Is High-Voltage DC the Best Way to Modernize the Grid and Reduce Emissions?
Recently released study finds a mix of renewables and new transmission can do the job.
Wind and solar power coursing across a national system of high-voltage direct current transmission lines could significantly cut power sector carbon dioxide emissions without increasing the cost of energy in the U.S., according to a new study published in Nature Climate Change.

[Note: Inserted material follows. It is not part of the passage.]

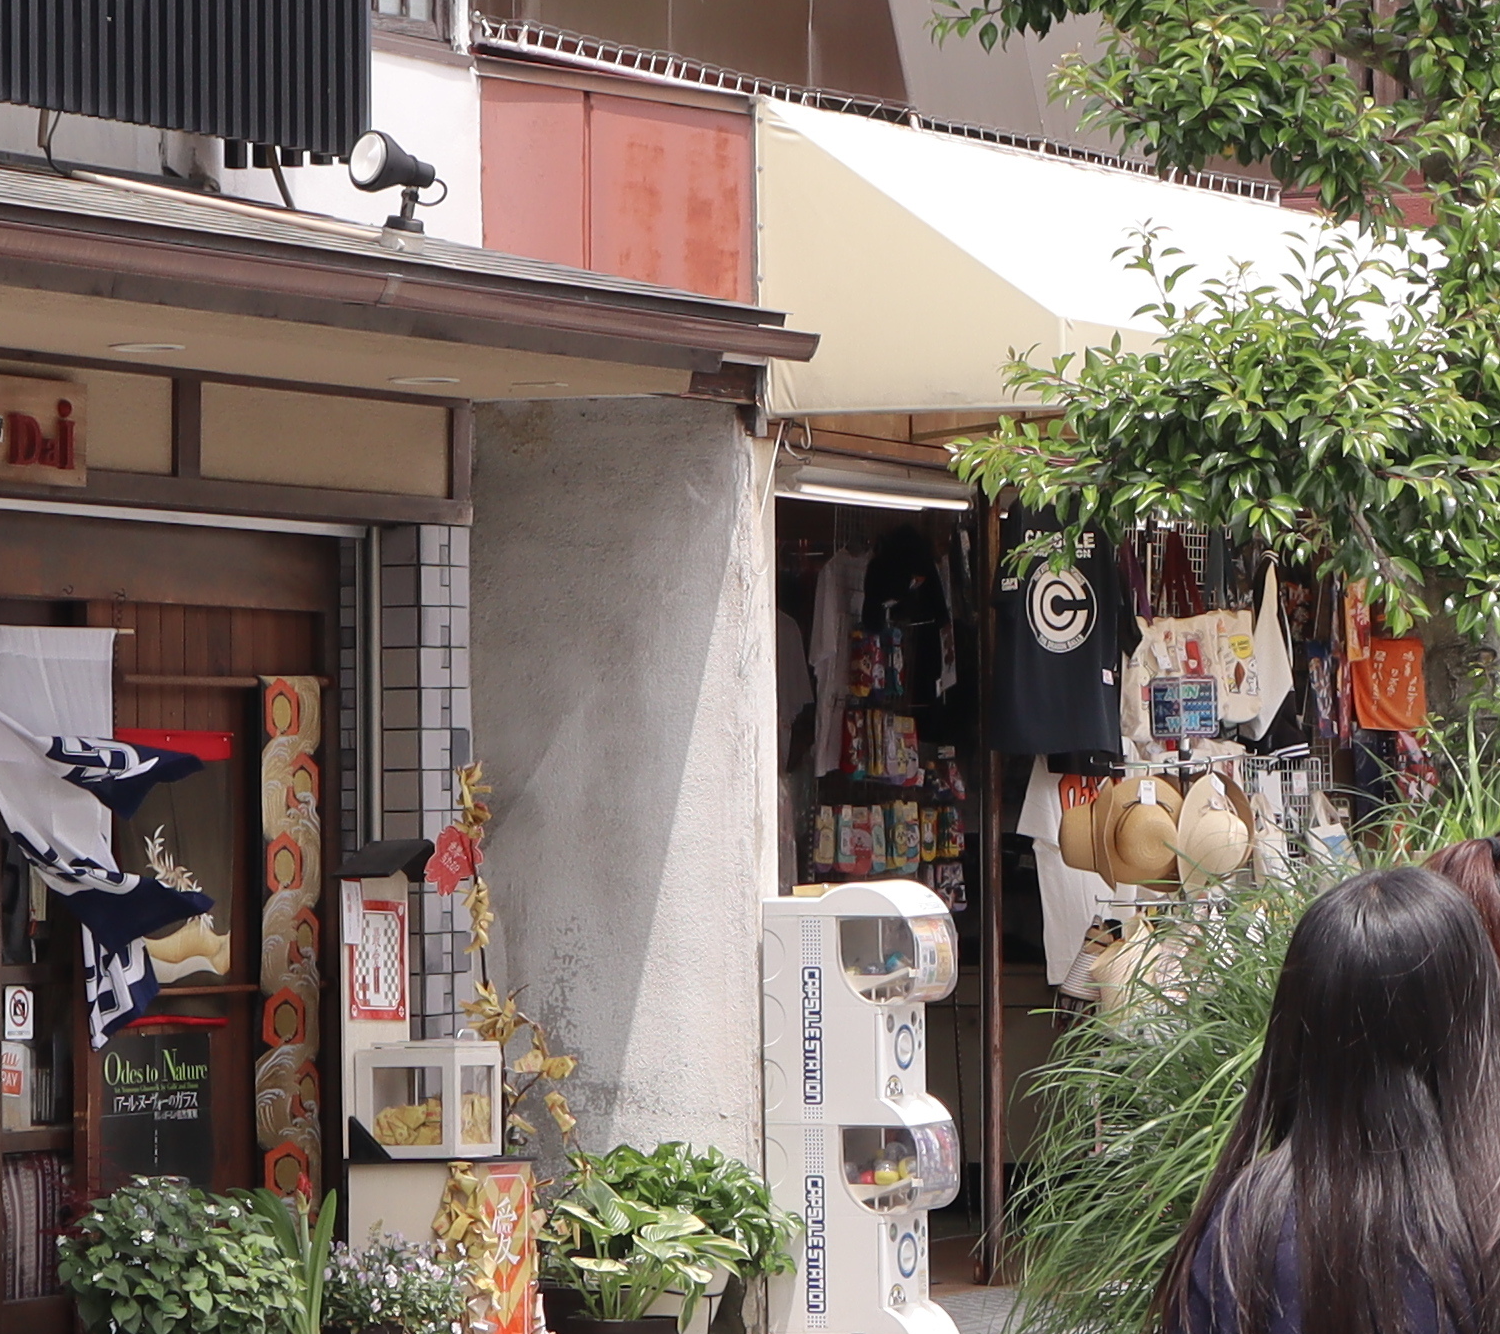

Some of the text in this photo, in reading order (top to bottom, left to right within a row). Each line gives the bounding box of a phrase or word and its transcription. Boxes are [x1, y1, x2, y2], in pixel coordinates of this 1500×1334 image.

Researchers at NOAA’s Earth System Research Laboratory and the University of Colorado, Boulder looked at three scenarios in which wind, solar, hydropower and nuclear were paired with natural gas at different cost points. They also included the cost of building a national high-voltage direct current (HVDC) transmission system on top of the existing power system.
“The average variability of weather decreases as size increases; if wind or solar power are not available in a small area, they are more likely to be available somewhere in a larger area,” wrote lead author Alexander MacDonald, director of NOAA’s Earth System Research Laboratory. Although energy storage can also provide stability to the grid, HVDC can do it at a lower cost, the study contends.
The results showed that with mid-cost renewables and mid-cost natural gas, electric power CO2 emissions could be cut by about 60 percent by 2030, a figure that rises to nearly 80 percent if natural gas costs rise while renewables decline by 2030.
In all scenarios, the cost of power in 2030 would be cheaper than the International Energy Agency’s estimate of an average $0.115 per kilowatt-hour for the levelized cost of electricity in the U.S. in 2030.
The model used weather data with high temporal and spatial resolution and assumed co-optimized dispatch of renewables across the modern HVDC grid. “We integrate complex weather data over continental-scale geography while still handling the salient features of an electrical power system,” the authors wrote in the paper.
The authors modeled 3 gigawatts of HVDC transmission to carry 523 gigawatts of wind power, 371 gigawatts of solar PV, 471 gigawatts of natural gas, 100 gigawatts of nuclear and 74 gigawatts of hydroelectricity, an increase of 30 percent over 2012 installed capacity.